▸ **TASK DESCRIPTION**
Below are records to retype exactly, except for the pictures.

-------- SOURCE MATERIAL --------

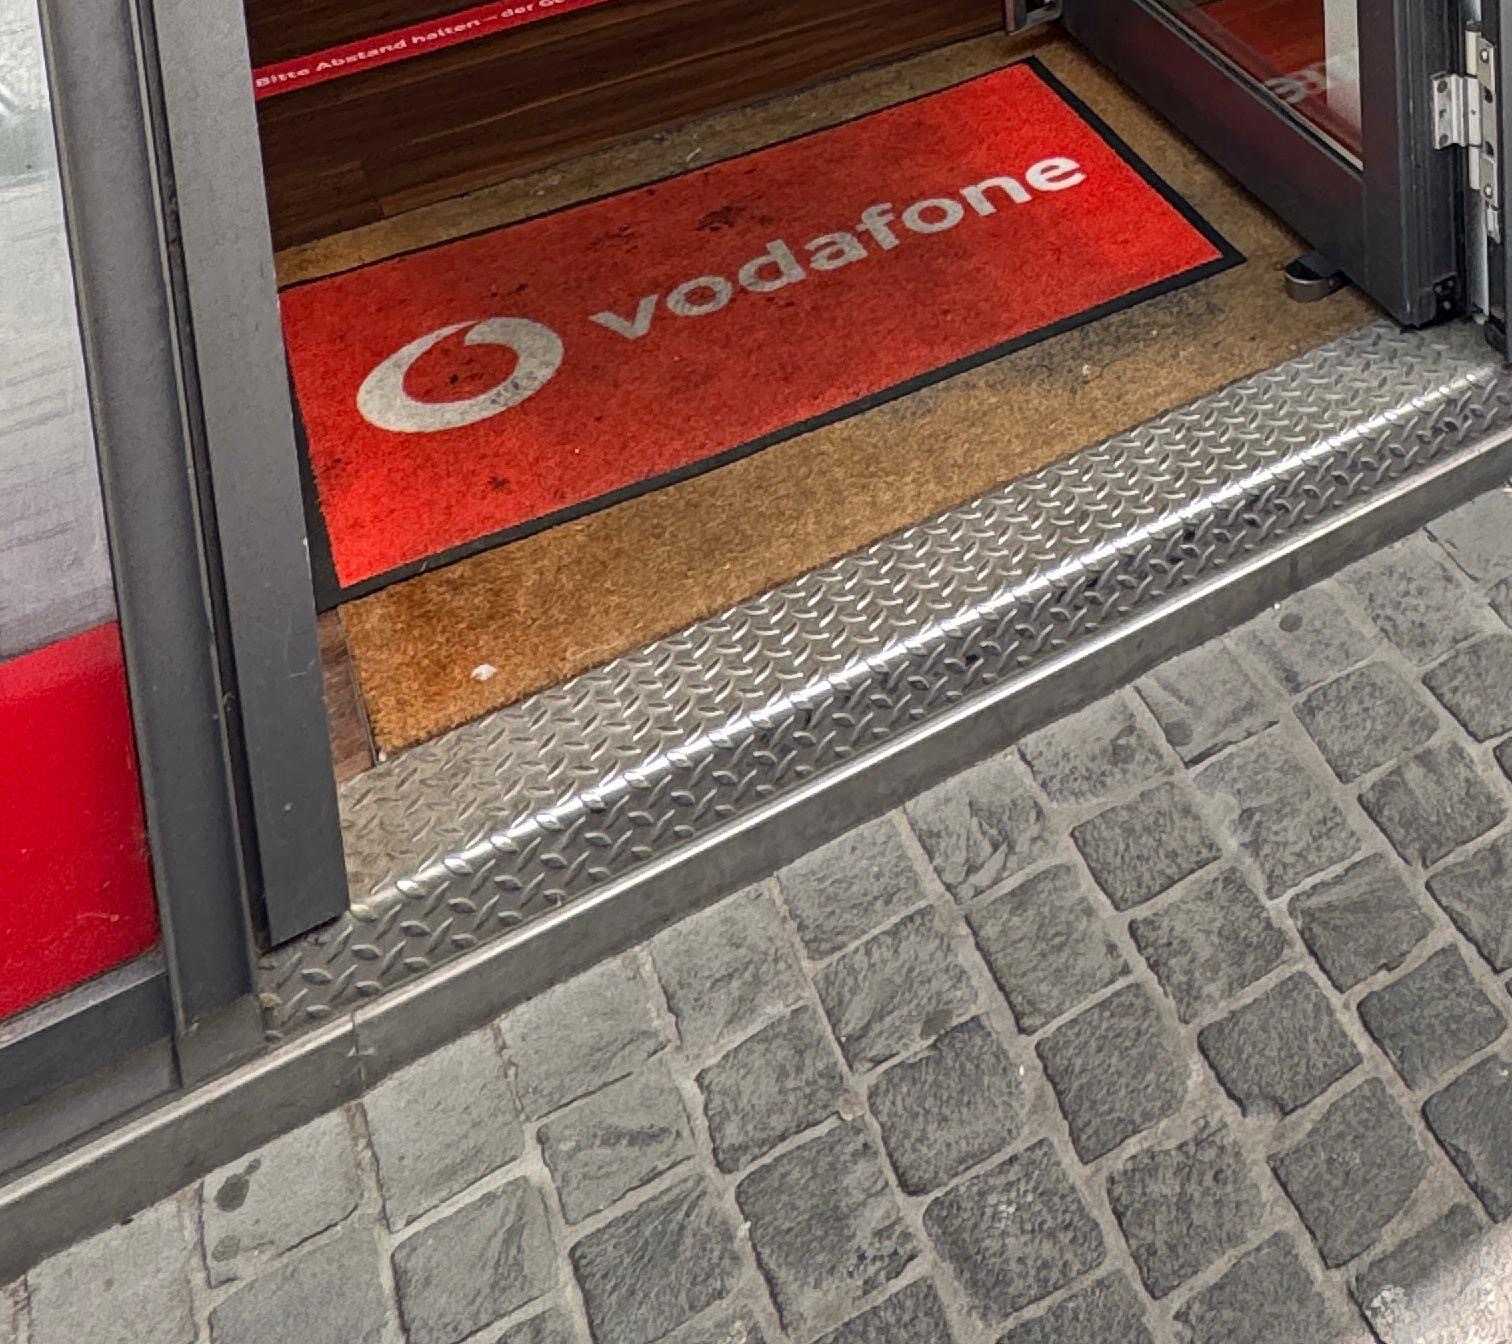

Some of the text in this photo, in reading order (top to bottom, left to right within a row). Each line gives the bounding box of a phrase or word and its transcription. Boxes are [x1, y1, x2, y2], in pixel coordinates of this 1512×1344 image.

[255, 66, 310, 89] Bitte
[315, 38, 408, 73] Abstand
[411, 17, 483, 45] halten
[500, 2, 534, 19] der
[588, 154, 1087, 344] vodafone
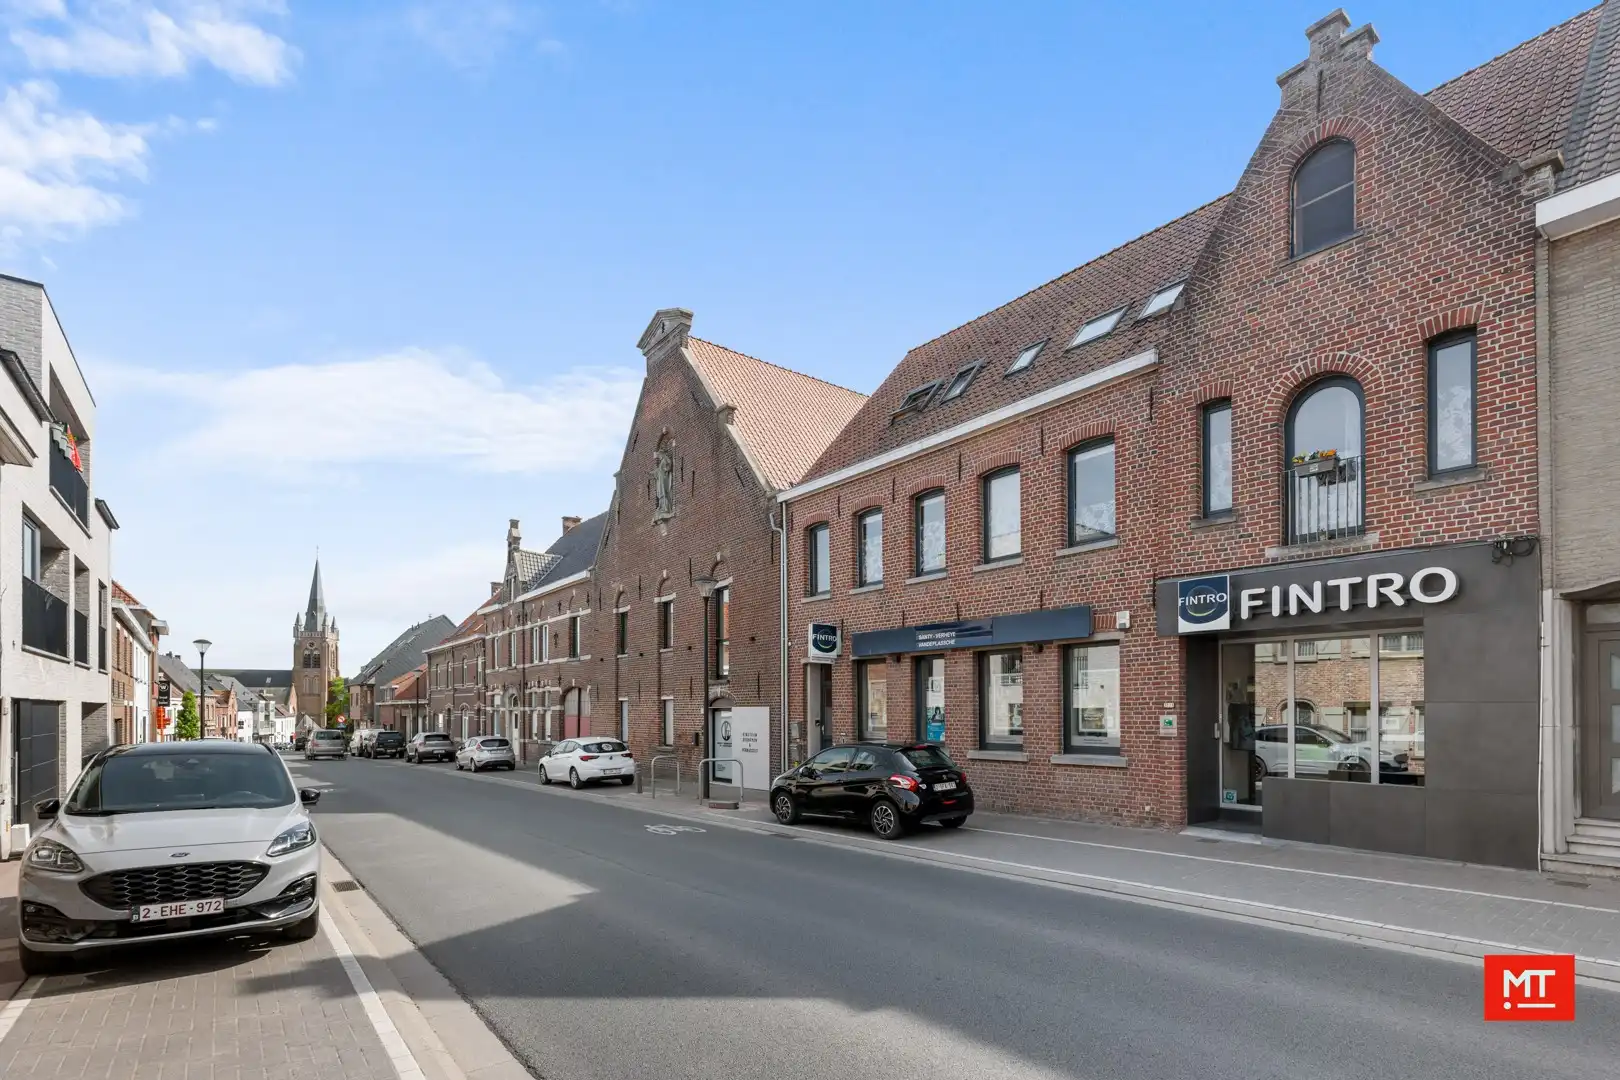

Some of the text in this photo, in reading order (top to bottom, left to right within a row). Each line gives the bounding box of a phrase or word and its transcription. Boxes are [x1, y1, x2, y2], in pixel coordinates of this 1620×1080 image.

--------

▸ **YOUR SOLUTION**
Some of the text in this photo, in reading order (top to bottom, left to right within a row). Each line gives the bounding box of a phrase or word and its transcription. Boxes are [x1, y1, x2, y2], in pixel coordinates of this 1512×1344 image.

[255, 66, 310, 89] Bitte
[315, 38, 408, 73] Abstand
[411, 17, 483, 45] halten
[500, 2, 534, 19] der
[588, 154, 1087, 344] vodafone

Some of the text in this photo, in reading order (top to bottom, left to right within a row). Each line gives the bounding box of a phrase or word and its transcription. Boxes are [x1, y1, x2, y2], in pixel coordinates of this 1620×1080 image.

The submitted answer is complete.